The government continues to remain watchful towards the residential sector—or at least until bottlenecks in the housing supply eases. With various supply and demand side actions taken to dampen euphoria in the resale sector, property price momentum is seeing a slow down.
COVs to remain stable
Based on PropNex data, COVs rose by about 10% in 4Q12 as homeowners prefer to rent out their HDB flats then to sell them. HDB flats are viewed as a valuable asset by most Singaporeans and they do not have an incentive to sell and upgrade as private residential market prices are at its all-time high too. The lower supply that had led to a lower transaction volume, had caused the overall resale prices to rise.

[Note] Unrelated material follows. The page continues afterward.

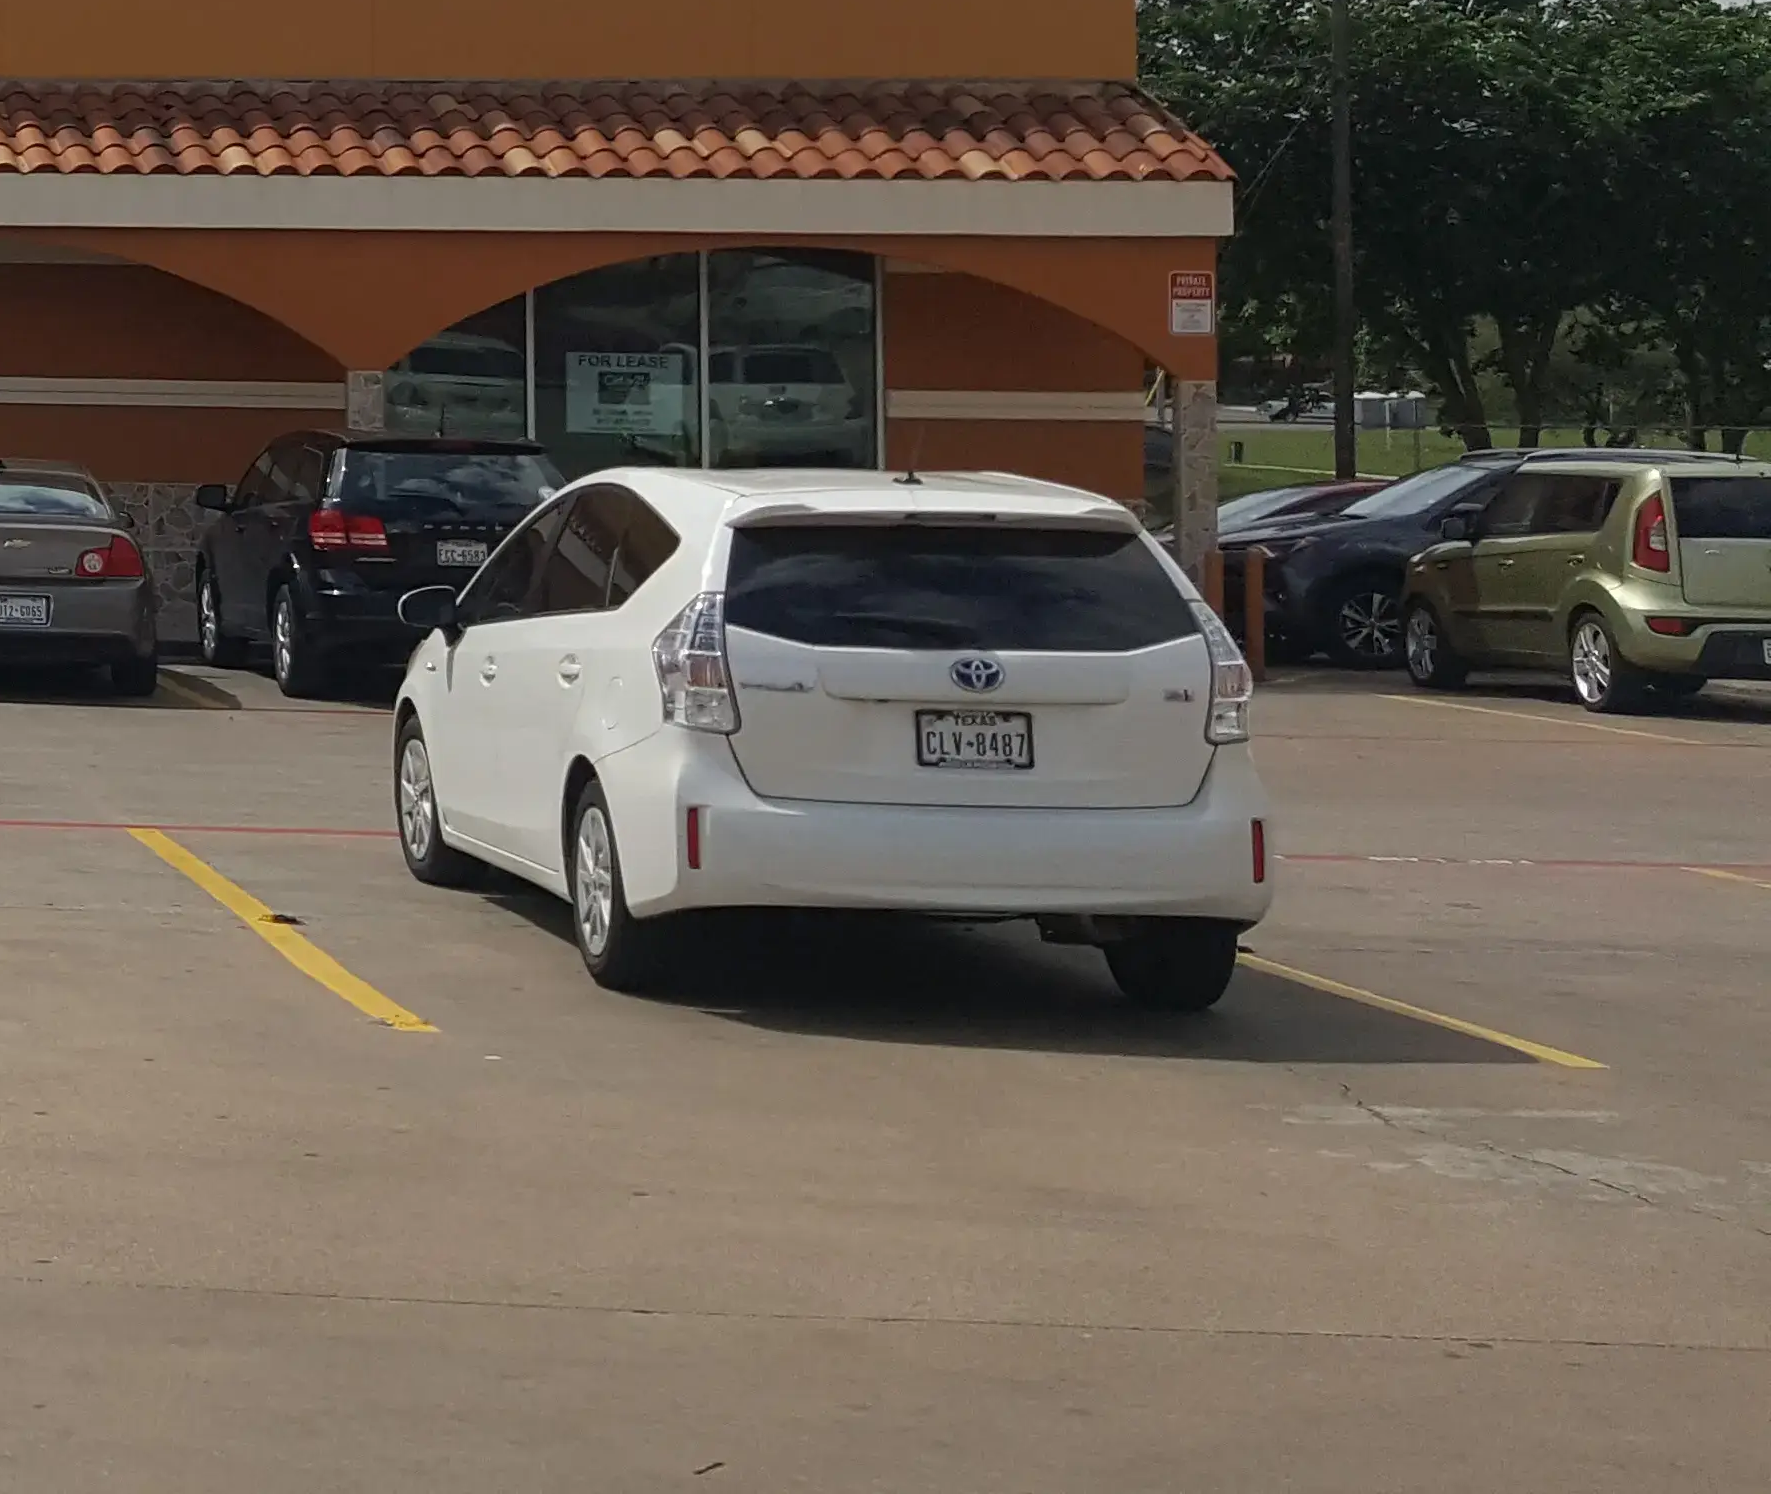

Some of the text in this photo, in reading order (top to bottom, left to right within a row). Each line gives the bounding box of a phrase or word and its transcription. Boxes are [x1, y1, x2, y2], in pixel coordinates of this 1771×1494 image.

[578, 354, 669, 369] FOR LEASE
[953, 714, 997, 726] TEXAS

Median COV 3-rm 4-rm 5-rm Executive Overall
1Q 2012 $22,000 $26,000 $28,000 $40,000 $25,000
2Q 2012 $20,500 $25,000 $28,000 $40,000 $25,000
3Q 2012 $25,000 $30,000 $33,000 $40,000 $30,000
4Q 2012 $28,000 $35,000 $38,000 $50,000 $33,000
Source: Streetsine and PropNex
Data generated as of 25 Jan 2013
“Overall the new cooling measures will result in lowering the COVs as buyers will have to contend with lower MSR for all Singapore citizens and Singapore PRs and the new 7% ABSD for PRs. The COVs for bigger flats will have a downward pressure of 10 to 20% lower due to the lower MSR. This lower COV may encourage some first-timers to enter the resale market.”

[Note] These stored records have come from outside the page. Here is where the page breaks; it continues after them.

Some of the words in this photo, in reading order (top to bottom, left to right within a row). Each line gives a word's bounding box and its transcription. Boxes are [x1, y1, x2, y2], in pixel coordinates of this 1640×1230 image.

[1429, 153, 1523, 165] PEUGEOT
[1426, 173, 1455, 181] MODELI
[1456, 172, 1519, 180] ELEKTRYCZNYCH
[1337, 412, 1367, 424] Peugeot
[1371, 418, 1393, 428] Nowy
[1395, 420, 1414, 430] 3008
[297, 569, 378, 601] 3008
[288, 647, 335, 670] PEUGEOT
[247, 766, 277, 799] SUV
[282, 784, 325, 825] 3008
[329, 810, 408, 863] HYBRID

“In the aftermath of the January 2013 cooling measures, the upward trend of the HDB resale prices will ease as buyers take some time to acclimatise themselves to the new measures—which will result in a gentler price appreciation. In the longer-term however, it is unlikely that prices will change drastically as the government continues to flush the market with ample supply of flats (the HDB will supply 23,000 BTO flats in 2013) this year to rein in resale prices and to meet strong first-timer demand. As such, we expect the upward pressure on HDB resale prices to abate slightly with the onset of higher supply,” explained Mr Ismail.